La novità
Begliano, il campo sportivo ‘Giuseppe Bagat’ diventa un’area ludico sportiva multidisciplinare
Il sindaco Fratta, «luogo aperto in autogestione responsabile, una prova d’integrazione sportiva e sociale». C’è spazio anche per il cricket. L'assessore Piemonte, «aggregazione giovanile è obiettivo primario».
Da oggi, venerdì 8 maggio, il campo sportivo comunale “Giuseppe Bagat” di Begliano diventa un’area ludico sportiva multidisciplinare. L’annuncio è del sindaco Claudio Fratta che assieme all’assessore allo sport e alle politiche giovanili, Mattia Piemonte e al consigliere comunale delegato alle manutenzioni, Mauro Buffolini ha illustrato la novità che vede l’impianto passare da zona dismessa dopo la conclusione della convenzione con l’Isontina Calcio, a quella che il vicesindaco Flavia Moimas ha ribattezzato «una piazza verde» aperta alla cittadinanza.
«L’area sarà fruibile da persone non iscritte a specifiche associazioni sportive – spiega il sindaco Fratta – diventa quindi un luogo di aggregazione per i nostri ragazzi e le nostre famiglie». La soluzione è però temporanea in quanto, in futuro, l’amministratore prevede di far sorgere in tale zona il nuovo palazzetto dello sport.

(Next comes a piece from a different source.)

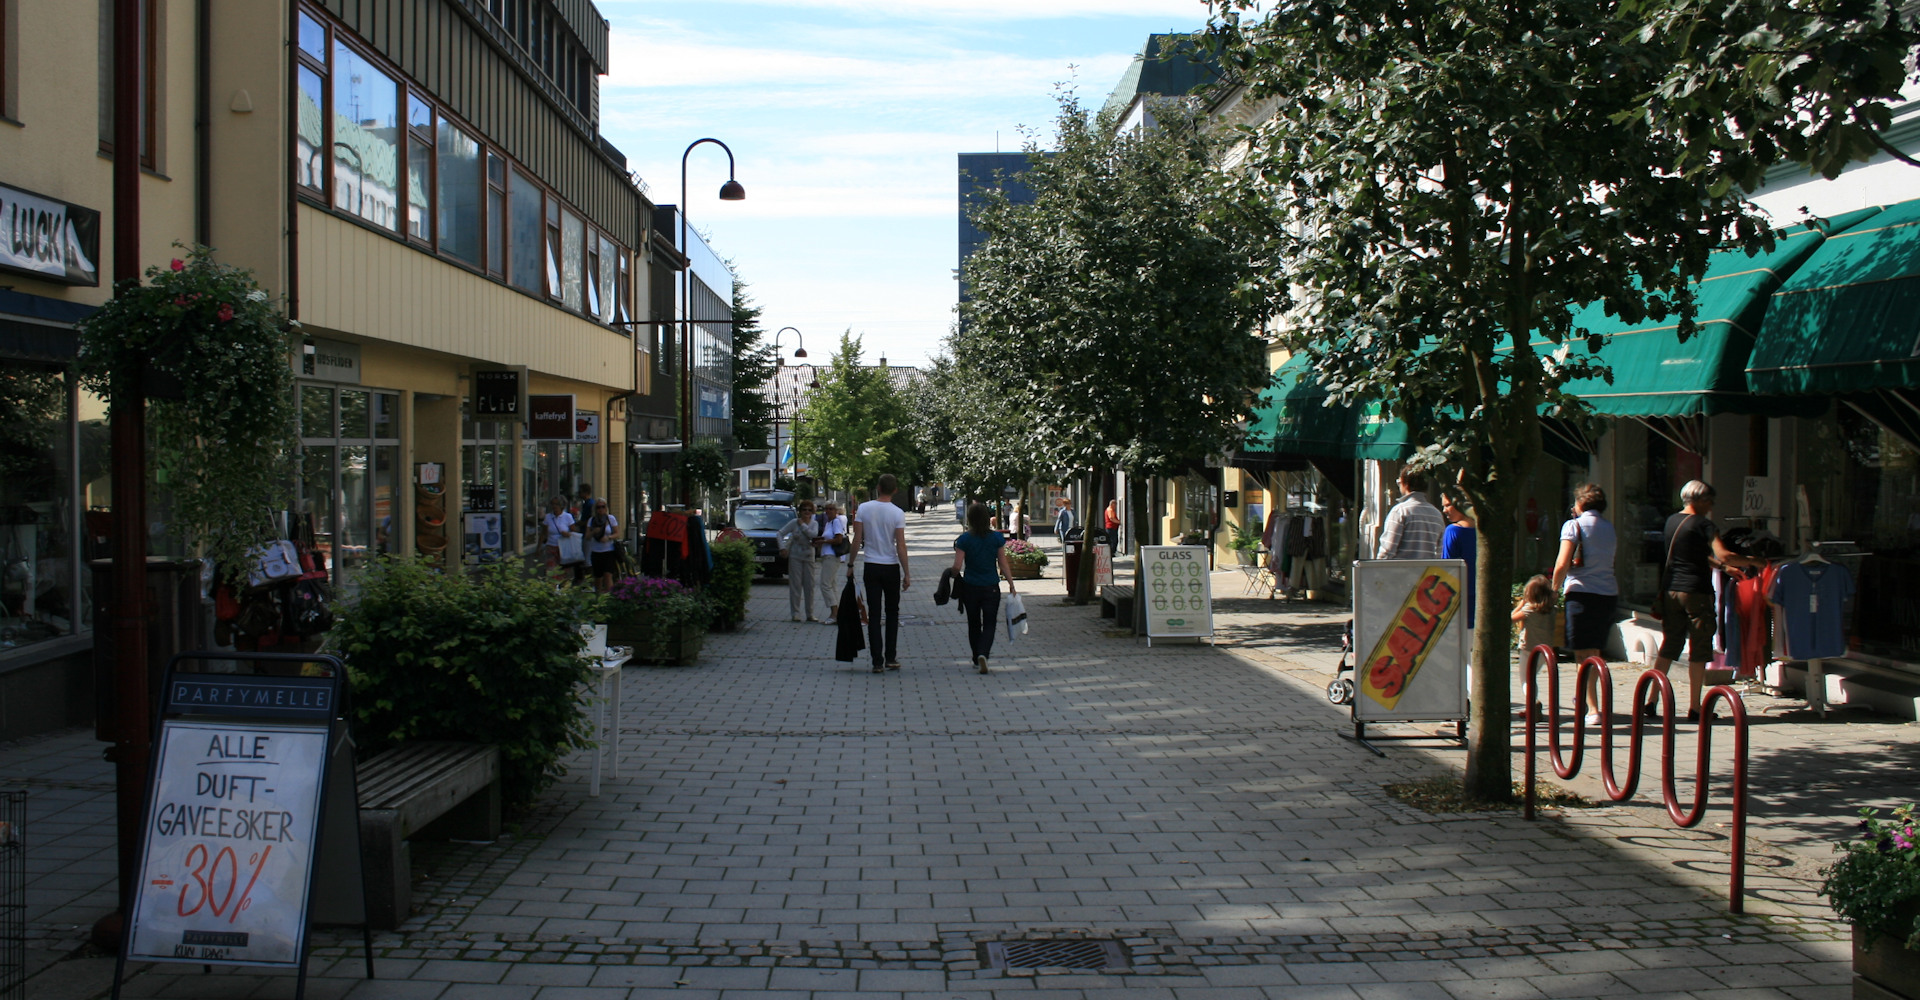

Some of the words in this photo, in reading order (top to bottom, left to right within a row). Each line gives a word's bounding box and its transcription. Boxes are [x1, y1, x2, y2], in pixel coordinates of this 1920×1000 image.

Un’opera già inserita nel Dup e per la cui realizzazione l’amministrazione comunale chiederà alla Regione 4 milioni di euro, una cifra che comprenderebbe almeno 40mila euro di progettazione esterna.
Al «vecchio campetto» saranno garantiti i controlli per l’utilizzo corretto e rispettoso dell’impianto. Garantita anche la copertura assicurativa. Non sono previste installazioni di attrezzature aggiuntive. Al Bagat si potrà accedere «senza prenotazione». «La sfida, se così possiamo definirla e ci crediamo, è quella dell’autogestione responsabile degli spazi – aggiunge il sindaco – una prova di integrazione sociale e degli spazi pubblici». La struttura «è stata bonificata», è stato tagliato e regolato il prato da gioco, sono state rimosse le reti pericolose e i vecchi punti luce, messi in sicurezza i vecchi depositi e gli spogliatoi. Resta chiusa la vecchia tribuna che andrà all’asta per la seconda volta.

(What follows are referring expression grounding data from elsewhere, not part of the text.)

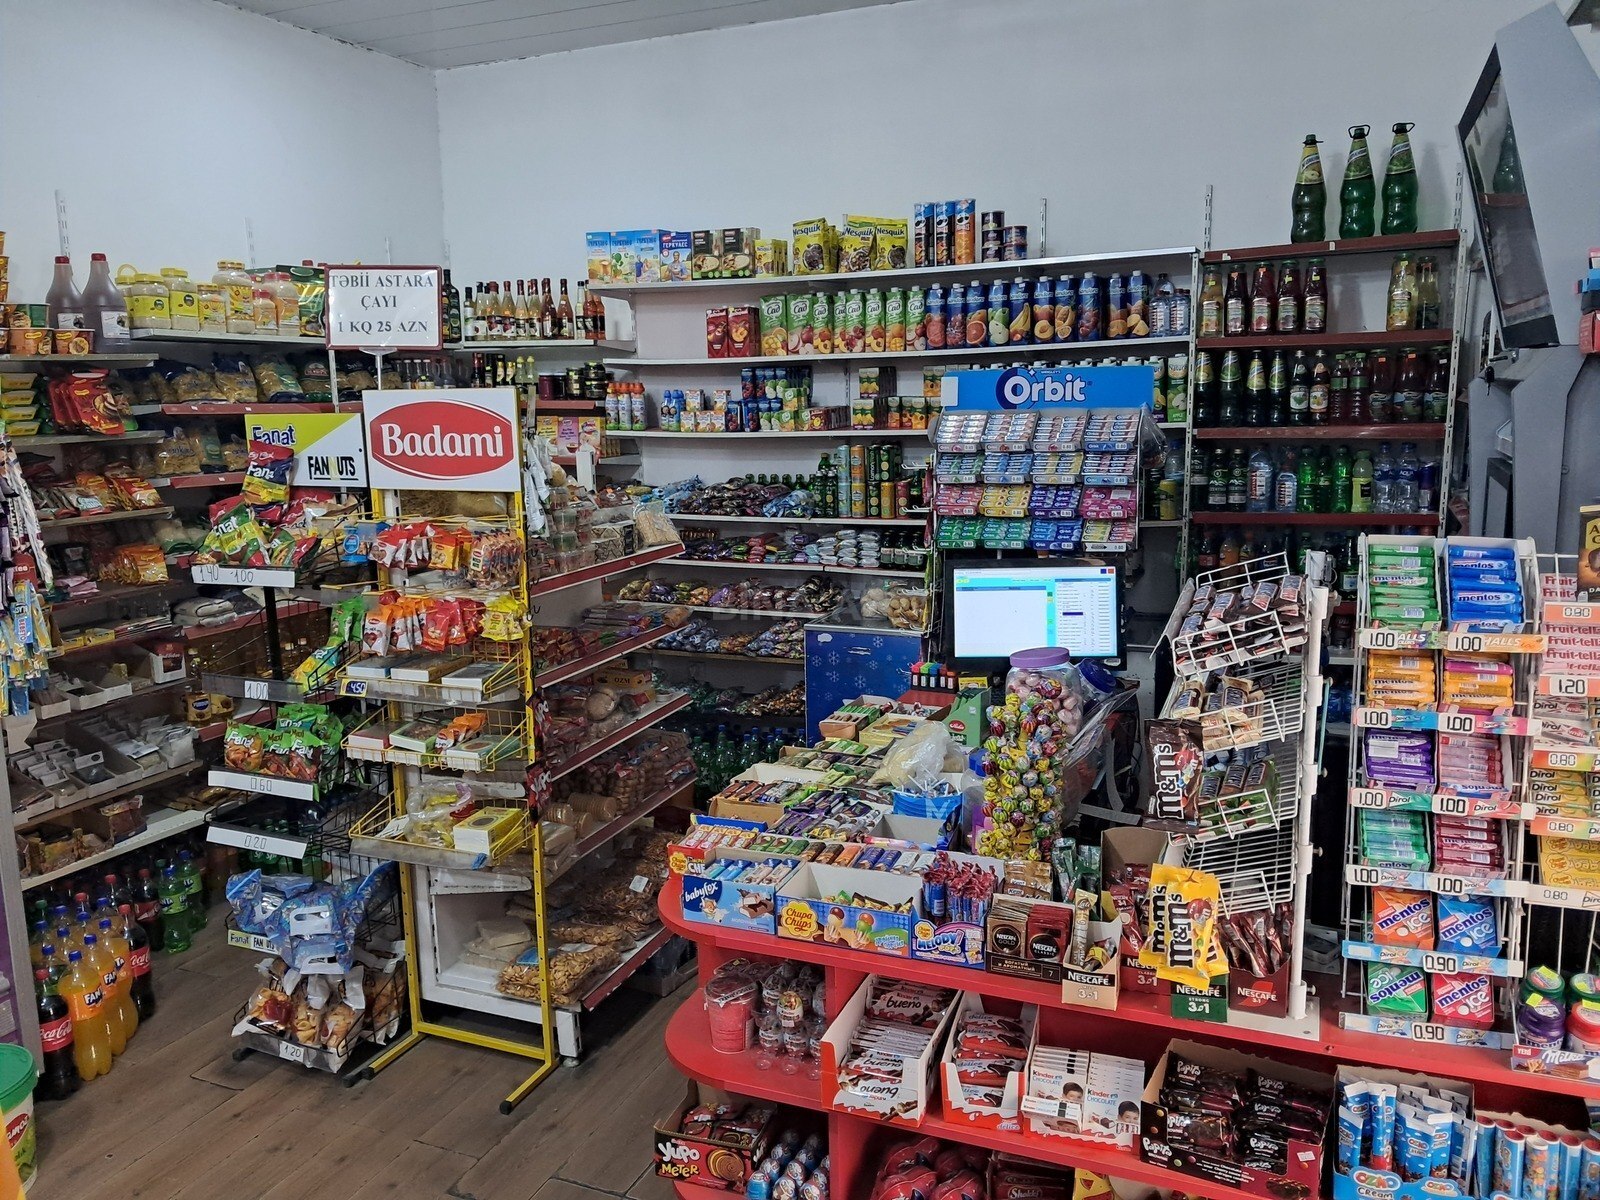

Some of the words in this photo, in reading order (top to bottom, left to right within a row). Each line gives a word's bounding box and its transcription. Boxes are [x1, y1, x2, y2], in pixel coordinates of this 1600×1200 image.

[793, 224, 821, 236] Nesquik
[845, 226, 874, 237] Nesquik
[877, 227, 905, 237] Nesquik
[375, 274, 434, 288] ASTARA
[360, 295, 397, 311] ÇAYI
[350, 321, 372, 335] KQ
[377, 321, 393, 333] 25
[398, 321, 428, 333] AZN
[1003, 372, 1087, 404] Orbit
[252, 425, 296, 446] Fanat
[380, 422, 504, 458] Badami
[1458, 594, 1500, 602] mentos
[1369, 632, 1395, 647] 1.00
[1455, 636, 1482, 652] 1.00
[1548, 635, 1600, 647] Fruit-tell
[1557, 679, 1585, 695] 1.20
[1533, 702, 1558, 711] Dirol
[1364, 711, 1389, 726] 1.00
[1446, 715, 1473, 732] 1.00
[1529, 770, 1556, 779] Dirol
[1531, 783, 1558, 792] Dirol
[1358, 792, 1384, 806] 1.00
[1388, 796, 1411, 804] Dirol
[1535, 793, 1562, 802] Dirol
[1440, 798, 1466, 814] 1.00
[1473, 804, 1498, 812] Dirol
[1378, 861, 1410, 869] entos
[1354, 868, 1379, 884] 1.00
[685, 881, 719, 902] babyfox
[1437, 878, 1463, 893] 1.00
[785, 908, 813, 920] Chupa
[1378, 898, 1431, 930] mentos
[784, 916, 813, 931] Chups
[1440, 907, 1493, 940] mentos
[917, 932, 957, 950] MELODY
[1425, 954, 1457, 973] 0.90
[1067, 971, 1111, 986] NESCAFÉ
[1369, 971, 1422, 1003] mentos
[1436, 976, 1489, 1008] mentos
[886, 996, 922, 1009] bueno
[1413, 1024, 1445, 1041] 0.90
[863, 1058, 902, 1069] bueno
[1541, 1049, 1586, 1064] Milka
[1032, 1076, 1062, 1087] CHOCOLATE
[860, 1084, 900, 1099] bueno
[1087, 1095, 1117, 1107] CHOCOLATE
[1142, 1137, 1173, 1157] Papita

Tenendo conto che non ci sono particolari restrizioni – almeno, da quanto riferito nell’incontro odierno - sul campo si potrà giocare a calcio, pallavolo, baseball, cricket e tanto altro. Il “parco” non ha orari di apertura e chiusura. Non è concessa l’accensione di fuochi liberi per grigliate o merende. «Continuiamo ad ampliare i punti di aggregazione e a dare possibilità di incontro alle nuove generazioni – commenta entusiasta l’assessore allo sport, Piemonte – questo progetto è un intervento di sostegno che si aggiunge all’investimento di 90mila euro che abbiamo fatto nell’area verde del P.E.E.P. Contiamo di adibire un ulteriore spazio per le stesse finalità vicino alle scuole di Pieris».